The size of the correlation of overall brain volume with IQ has varied from sample to sample. Two meta-analyses of all such studies concluded respectively that the correlation is +.33 and +.24.9 Subsequently, a reanalysis of the literature argued that the scientifically most rigorous studies show an average correlation of +.39.10 Furthermore, this relationship holds within sexes. On average, men with larger brains have higher IQ than men with smaller brains, and women with larger brains have higher IQ than women with smaller brains.11
Is the relationship causal? After all, bigger brains mean more neurons. But what counts for cognitive functioning in mammals is the number of neurons in the cerebral cortex and the subcortical regions.12 On this score, humans stand apart from all other mammals. The human cerebral cortex contains about 16 billion neurons. The next largest, found in gorillas and orangutans, is just 9 billion.13
Several studies have found evidence for this causal link in humans. Cerebellar brain volume has been found to explain variance in g in older adults, even after controlling for frontal lobe volume (which tends to atrophy with age).14 In 2018, neuroscientists reinforced the evidence for a causal link through a study with a large sample (n = 2,904) of brain development in youths and young adults (first author was Kirk Reardon).15 The cortical surface area expands threefold between infancy and adulthood. A priori, one might expect that human brains of different sizes scale uniformly—a brain with larger total volume also has a linearly larger hippocampus, amygdala, and so forth. But that’s not what the Reardon study found. “Rather,” as David Van Essen summarized it, “larger brains show greater expansion in regions associated with higher cognition and less expansion in regions associated with sensory, motor, and limbic (emotion-and affect-related) functions.”16 The Reardon study also found that overall cortical surface area correlated significantly with IQ after factoring out age and sex.17 Thus there is good reason to expect a causal relationship not only between brain volume and IQ, but between brain volume in specific regions and IQ. Other things being equal, more neurons are a good thing for cognitive functioning.[18]

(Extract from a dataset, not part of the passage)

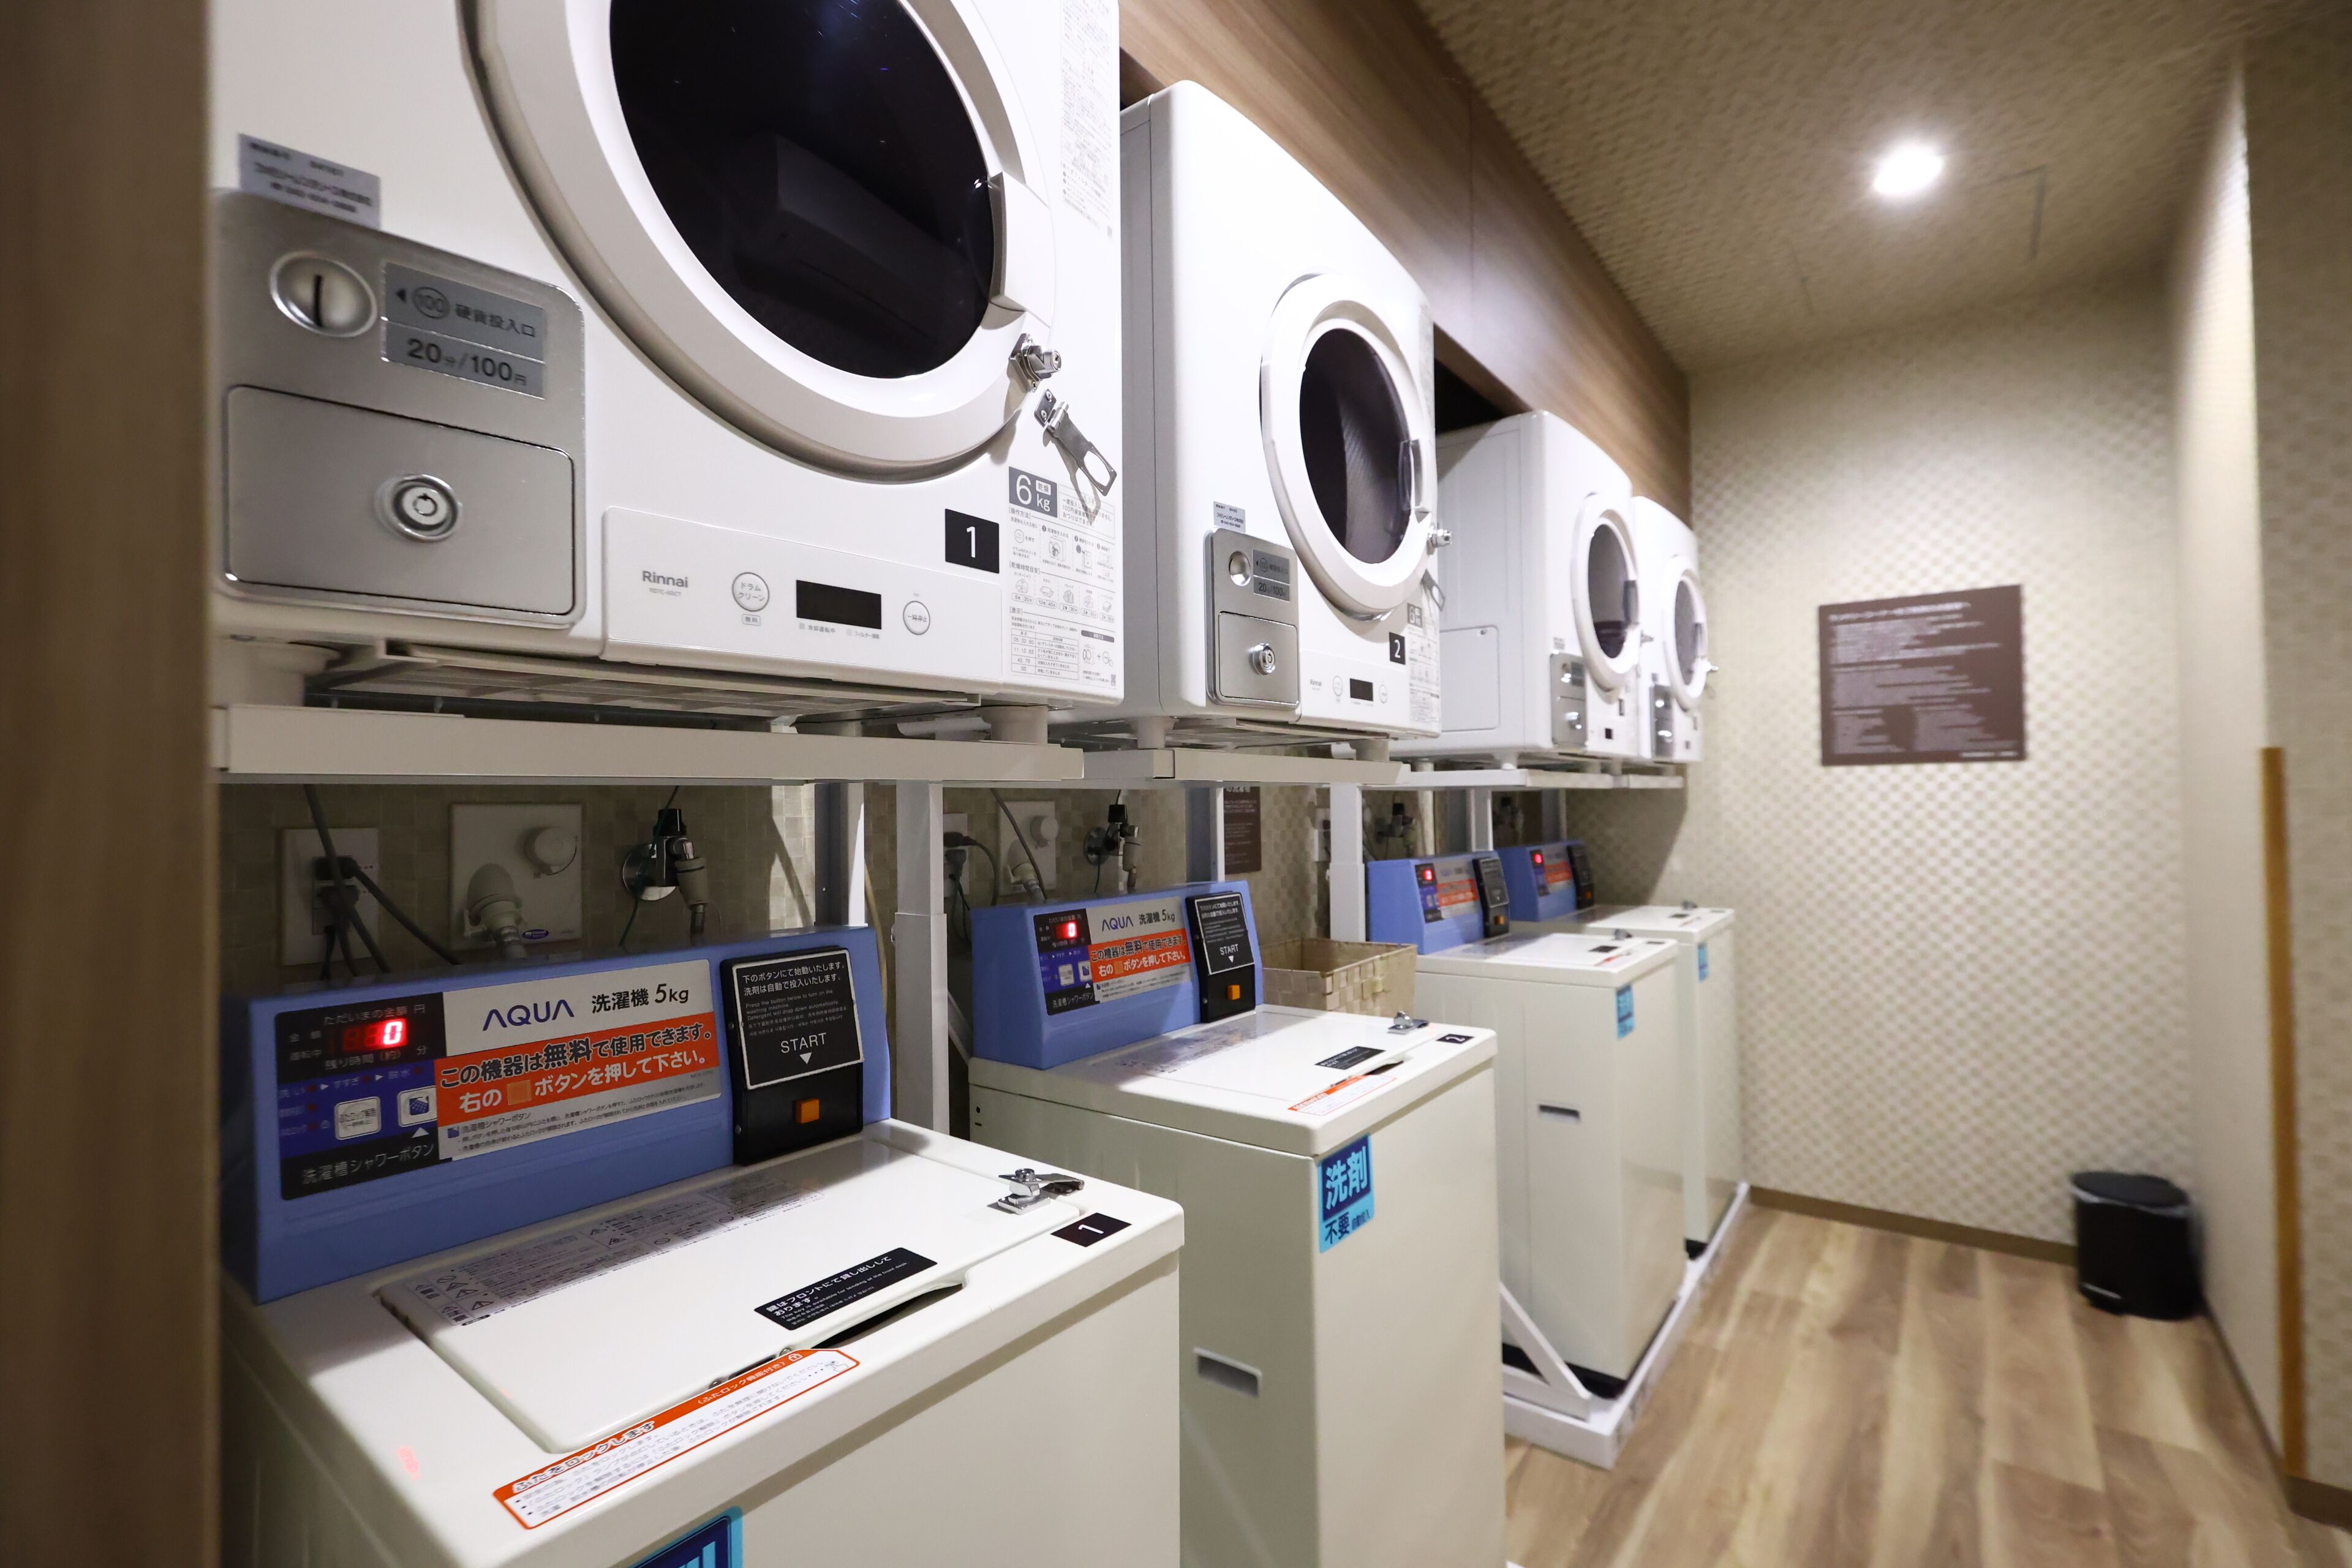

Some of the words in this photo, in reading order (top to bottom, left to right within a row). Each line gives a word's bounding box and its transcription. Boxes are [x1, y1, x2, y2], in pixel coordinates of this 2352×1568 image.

But other things are not equal.
Sexual Dimorphism in Brain Volumes Does Not Necessarily Mean Dimorphism in Cognitive Function
Chapter 5 describes sex differences in connectivity that make female brains more efficient. There’s much more work being done in this area. Sex differences in receptor density could be at work independently of regional brain size or overall brain size. Furthermore, volume isn’t the only relevant measure of size. Two other measures that were considered in the Ritchie study were the convoluted cortical surface areas and cortical thickness. Those two features have been found to be independent of each other, both globally and regionally.19 The male-female differences in surface area for all 68 subcortical regions were even larger than those found for overall volume, with effect sizes ranging from –0.43 to –1.20 and a mean of –0.83.20 This was not true of cortical thickness, however. Consistent with an earlier study of sex differences in cortical thickness,21 females had significantly thicker cortex across most of the brain (47 of the 68 areas). Males had significantly thicker cortex in just 1 of the 68. The differences in the remaining 20 areas did not reach statistical significance. The effect sizes in the 47 ranged from +0.07 to +0.45, with a mean of +0.22 (a positive d indicates greater cortical thickness among females). These differences remained significant after adjusting for total brain size.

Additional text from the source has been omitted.